As the first test concerning whether our classification of proteomes and protein sets is biologically reasonable, we generated phylogenetic trees based on the protein distribution densities in the fingerprints of proteomes without performing any protein sequence comparison and alignments. Here, aiming to quantify the architectural differences among proteomes, the LD space was divided into M × N blocks and then, the distance between two species A and B was calculated using a Euclidian-type formula based on the protein distributions in all blocks (see (3) in Materials and Methods). In this architectural-distance calculation, no rigorous biological function annotations and/or genomic comparisons using BLAST or other protocols are required.

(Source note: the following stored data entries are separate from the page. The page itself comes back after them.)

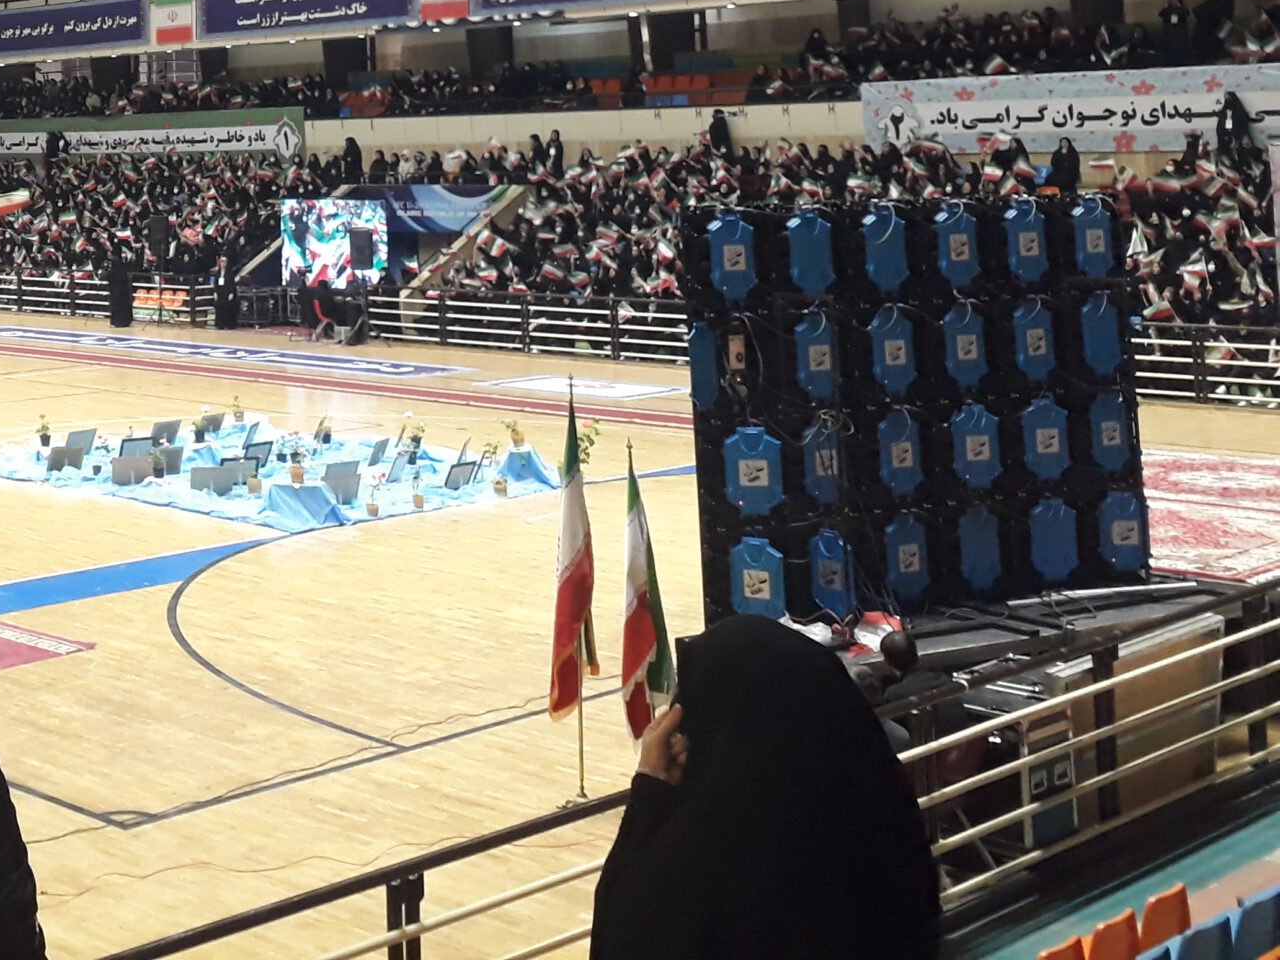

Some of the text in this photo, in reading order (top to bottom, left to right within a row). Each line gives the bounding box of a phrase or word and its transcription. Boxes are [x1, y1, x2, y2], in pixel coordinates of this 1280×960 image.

[346, 1, 368, 15] خاک
[236, 13, 260, 26] است
[962, 103, 1049, 130] گرامی
[1052, 101, 1138, 129] نوجوان
[209, 129, 245, 148] خاطره
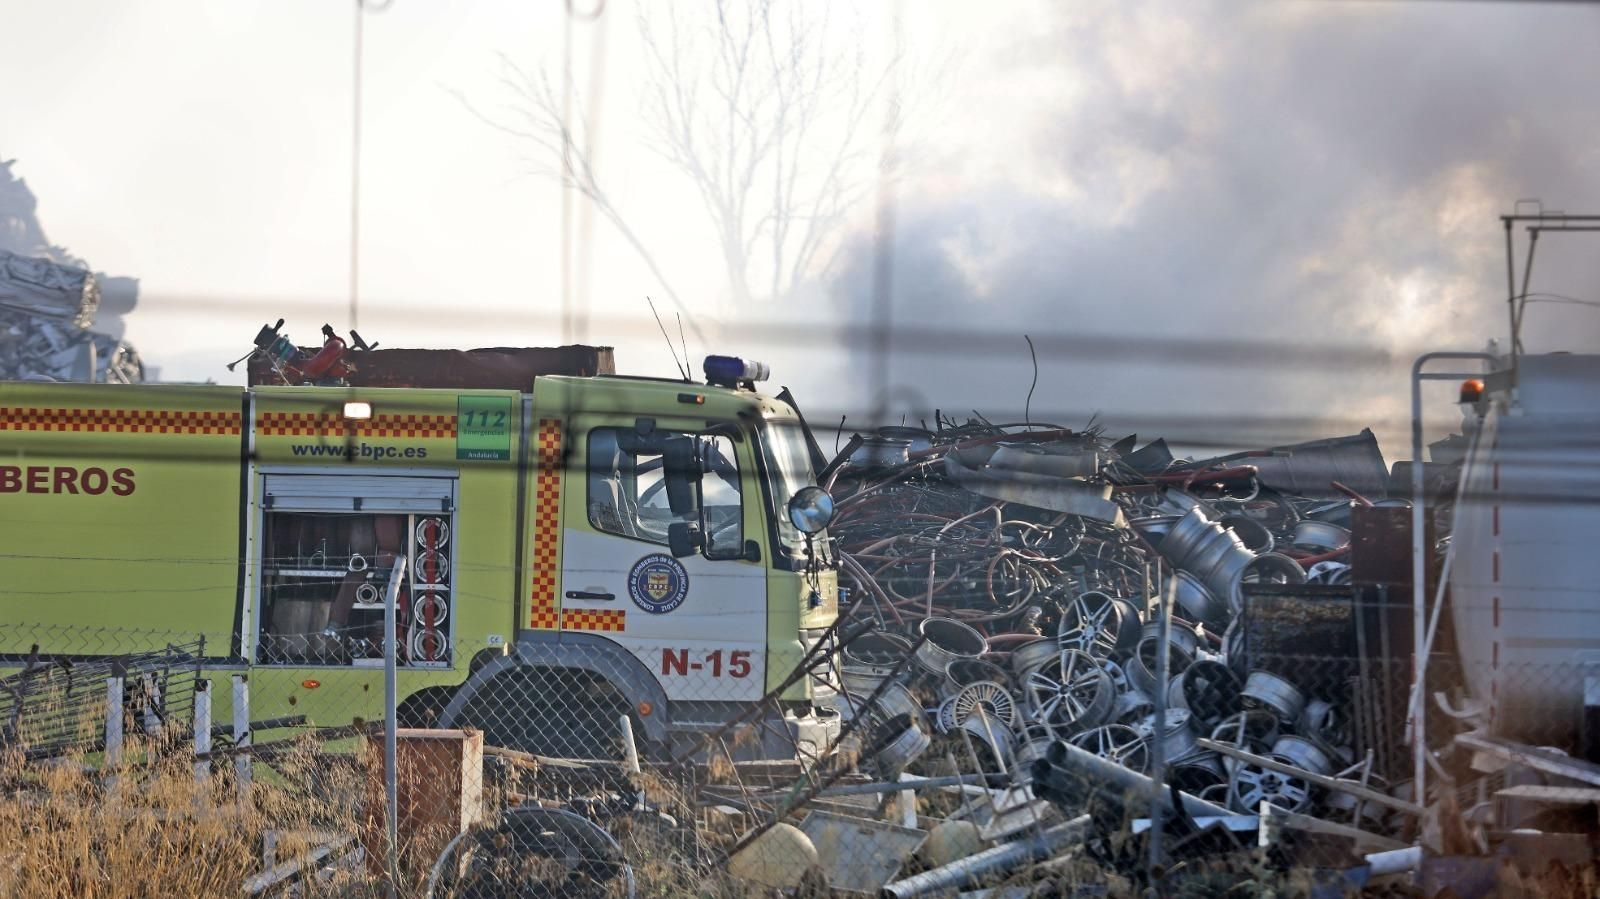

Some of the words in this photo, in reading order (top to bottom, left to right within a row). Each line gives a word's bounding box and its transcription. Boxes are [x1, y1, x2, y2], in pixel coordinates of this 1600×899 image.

[464, 410, 505, 427] 112
[292, 443, 427, 460] www.cbpc.es
[0, 465, 136, 496] BEROS
[632, 556, 658, 576] BOMBEROS
[672, 563, 686, 592] PROVINCIA
[632, 587, 654, 611] CONSORCIO
[662, 648, 750, 678] N-15
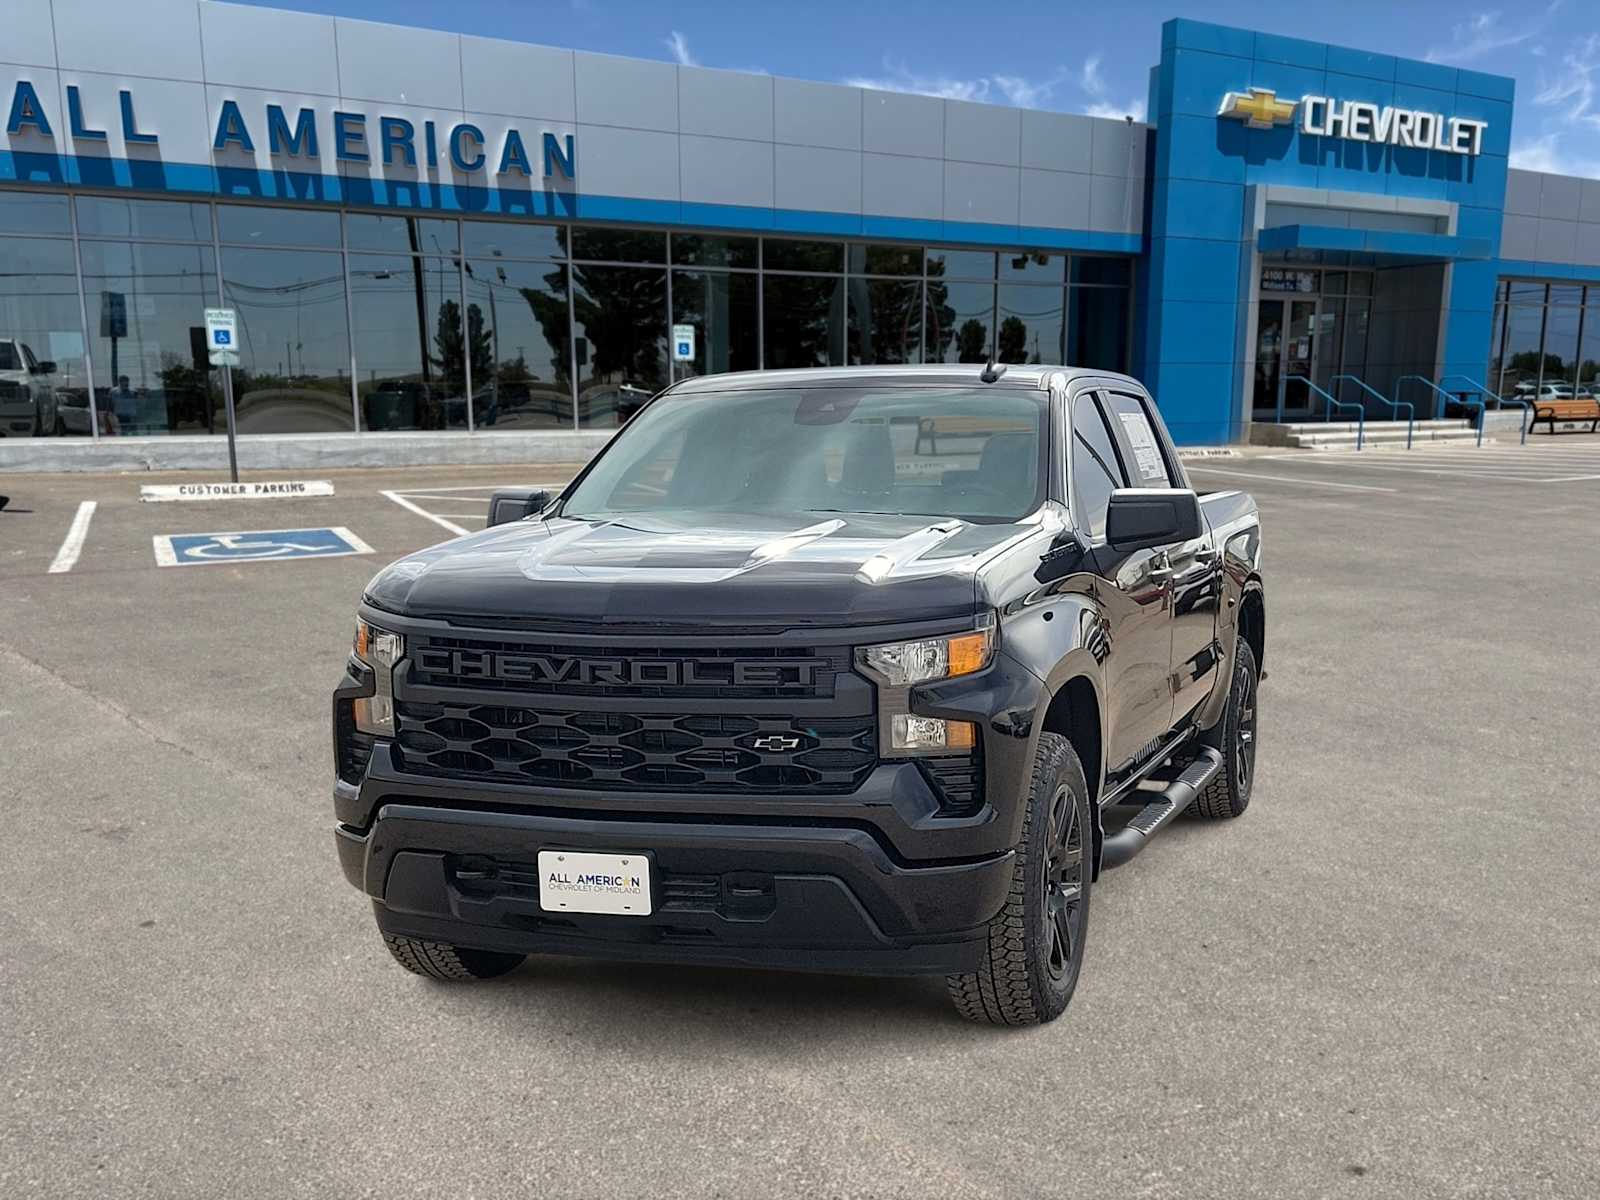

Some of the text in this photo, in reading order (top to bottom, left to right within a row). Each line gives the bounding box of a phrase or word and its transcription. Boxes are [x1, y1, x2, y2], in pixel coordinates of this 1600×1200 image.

By dividing the LD space with M = N = 10 (Table 2), the distance matrices for all proteomes including those from giruses (Table 1) were calculated and converted to phylogenetic trees as shown in Figure 5. We also tested the 5 × 5 or 2 × 2 partitioning; the 10 × 10 partitioning of the LD space seems to yield relatively high accuracy (Table S2 and Figure S2 in Supplementary Materials). Nevertheless, some of the key properties are not very sensitive to the M and N values. Several interesting features have been found in the trees that we reconstructed: (1) the eukaryotes are clearly separated from the prokaryotes and (2) plants and animals are grouped together, even the eudicot plants (A. thaliana and P. trichocarpa) and monocot plants (O. sativa and A. comosus) are separated. The tree in Figure 5 correctly puts A. trichopoda before the other plant species and after P. patents. Interestingly, it is consistent with our understanding of the plants-fungi-animals phylogenetic relationships [38] and stays in the framework of the natural classification of three domains of life [39]. Based on the phylogenetic tree, the definition of the protein LD space might be considered meaningful to the proteomes, at least to those chosen in present work.

3. Discussion

To the best of our knowledge, this is the first time to classify proteomes and protein sets based on the protein distribution densities in the LD space (fingerprints), and a detailed comparison with the previous work is therefore not straightforward. Nevertheless, the survey of protein distributions in terms of each of the two attributes is consistent with the work published previously. We noticed that the eukaryotic proteomes do not always exhibit averagely longer proteins than the prokaryotic proteomes. Our observation on protein disorder agrees well with the previous finding, that is, the average disorder contents in eukaryotic proteins are indeed higher than those in prokaryotic proteins. We have also generated phylogenetic trees based on the protein distribution densities in the fingerprints of proteomes, and this allows us to make some comparisons of the results that we obtained here with the knowledge in the field and to examine the consistency and differences with earlier investigations. Such comparison may also provide certain alternative views that were generated through this unique approach.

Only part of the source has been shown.